A WARRINGTON public health doctor has joined the likes of Rosa Parks, Nelson Mandela and Jesse Jackson in receiving a prestigious American award.

Dr Alexander Gatherer, of Stonehill Close, Appleton, has been awarded the American Public Health Association’s Presidential Citation for his work for the World Health Organisation in improving health in European prisons.

He took on the role of advisor to the WHO Health in Prisons project after retiing from being director of public health in Oxford.

At its conception the project involved eight countries in Europe and now has 39 members.

“Most people are very ambivalent about health in prisons but from a public health point of view it is a major challenge,” said Dr Gatherer.

“It’s where you have the highest concentration of people with HIV and people with resistant tuberculosis. People have to realise that in all countries the vast majority of prisoners are in and out of prisons, so if they have a bad disease and we don’t take the opportunity to treat it while they are in prison then they go back home with the disease and spread it around.”

He is modest about receiving the Presidential Citation – an award not given annually – but only when there is unusual merit to warrant it.

“The thinking behind giving it to me is to spread the idea of the programme around the world,” he said.

“America wants what Europe already has. This is something the rest of the world would gain from and the Americans are particularly keen.

“You don’t mention my name in the same breath as Nelson Mandela!”

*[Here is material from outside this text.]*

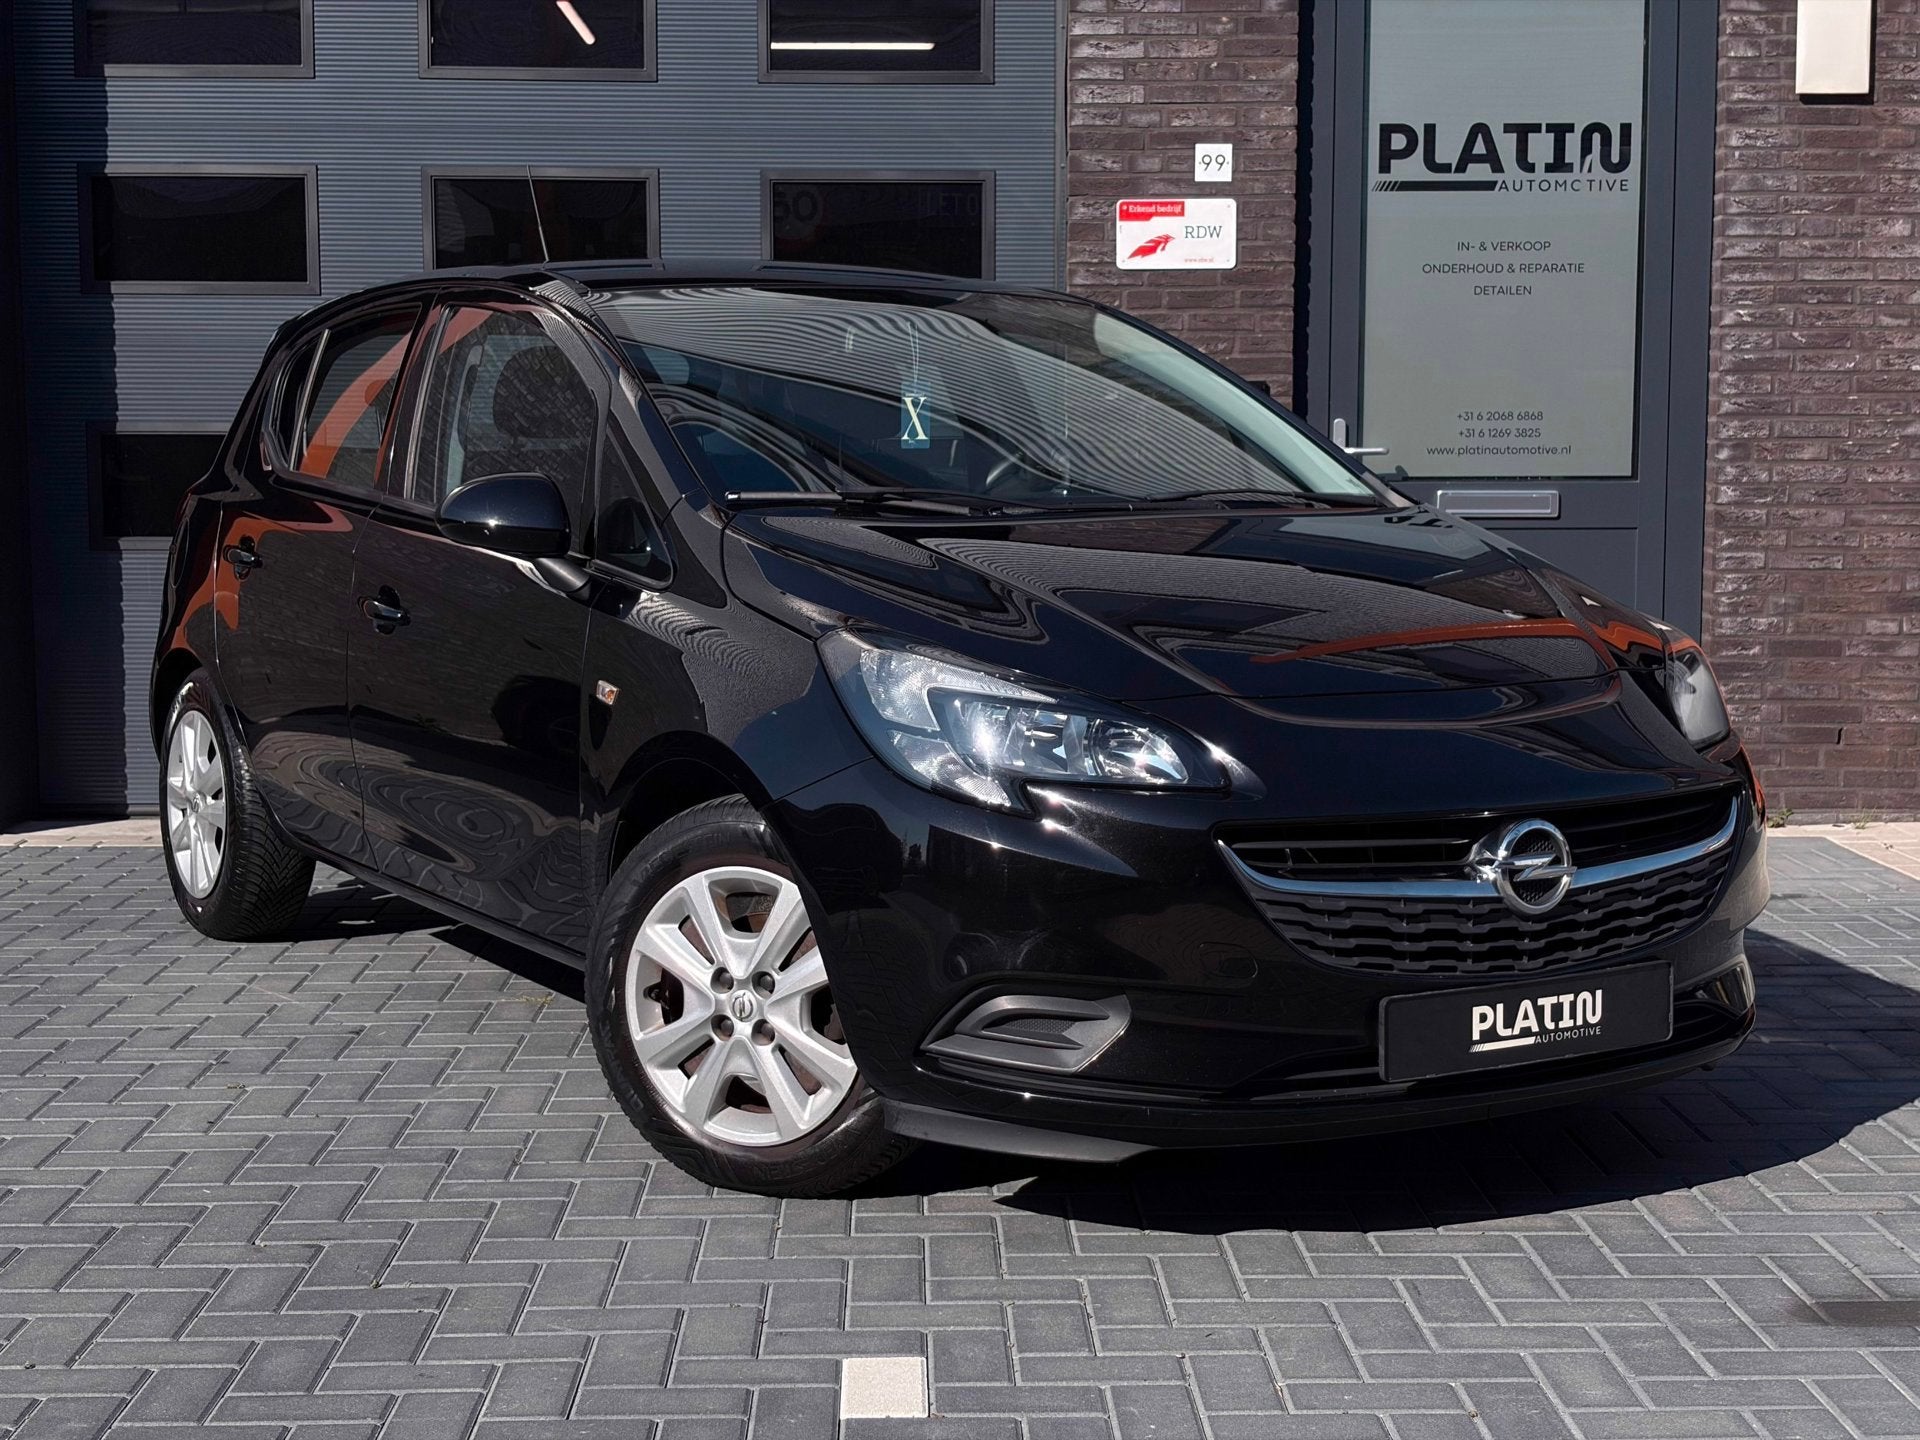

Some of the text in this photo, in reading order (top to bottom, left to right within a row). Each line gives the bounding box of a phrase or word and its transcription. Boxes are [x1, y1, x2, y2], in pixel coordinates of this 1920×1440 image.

Dr Gatherer is no stranger to awards, being the honorary secretary of the Oxford Medical Society, a fellow of Royal Society for the Promotion of Health and a life member of the British Medical Association.

In 2006 he was awarded the Alwyn Smith Award by the Royal College of Physicians Faculty of Public Health for making the most outstanding contribution to the health of the public through research or public health practice.

He began his public health career in Warrington under Dr Eric Moore, whose name is familiar in Warrington as he has a GP surgery named after him.

His five years in the town were the most productive of his career, as he gained qualifications in public health and industrial health, the higher degree of MD with commendation from Aberdeen. He married a Thelwall girl and they had their first son.

He worked all over England before settling in Oxford for 20 years, but now has retured to Appleton with his second wife Myra.